The surgical technique is chosen after assessing the origin, size, and vascularity of the pedicle [2]. Small polyps less than 2 cm in diameter with a thin pedicle can be treated by endoscopic resection. Pham et al. described the endoscopic removal of a giant fibrovascular polyp in the esophagus [14].

If the stalk of the polyp can be visualized completely, peroral excision with the assistance of electrocautery is also an option. For larger polyps, Owens et al. reported two patients operated on by lateral pharyngotomy [10].

Hoseok et al. reported performing a biapproach surgical treatment (transcervical and transabdominal approach simultaneously) for excision of a giant fibrovascular polyp of the upper digestive tract [15].

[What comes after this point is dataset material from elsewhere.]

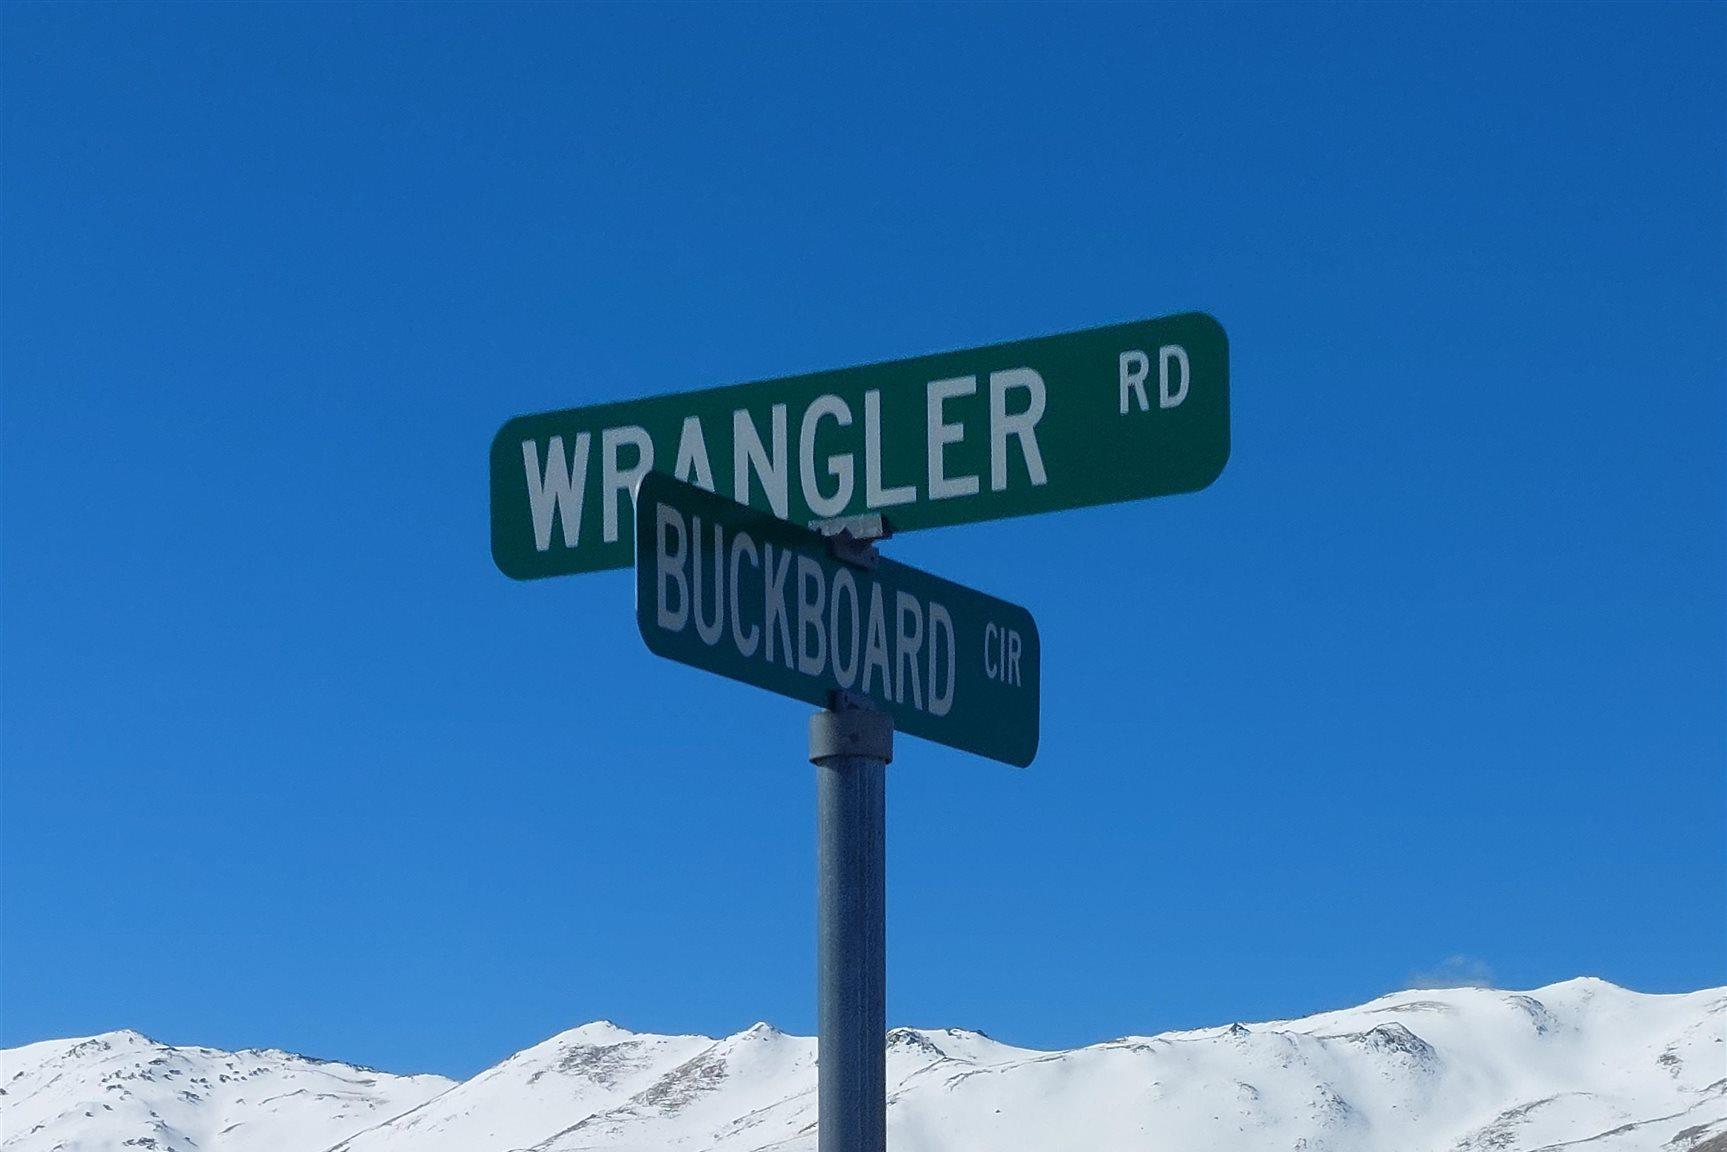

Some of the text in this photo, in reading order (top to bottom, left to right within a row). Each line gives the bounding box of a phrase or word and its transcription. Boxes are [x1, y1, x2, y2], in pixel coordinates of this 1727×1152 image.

[522, 344, 1191, 552] WRANGLER RD
[656, 503, 1023, 717] BUCKBOARD CIR

In our case, we performed a peroral excision with the assistance of electrocautery. The bipolar cautery was used for controlling hemorrhage. We had no complication and bleeding problem during the operation. The patient has been followed up without any recurrence for 1 year postoperatively.

4. Conclusion

If the patient presents with slow growing, progressive dysphagia, endoscopic evaluation is needed. Although the hypopharyngeal and esophageal tumors are mostly malign, the specialist must bear in mind that the tumor could be benign. Fibrovascular polyps should be considered in the differential diagnosis of the tumors in this area. Excision the fibrovascular polyp is curative and the recurrence risk is rare. If the stalk of the fibrovascular polyp is completely in view, there is no need to perform an open surgery because of the increased morbidity.

Conflict of Interests

There is no potential conflict of interests.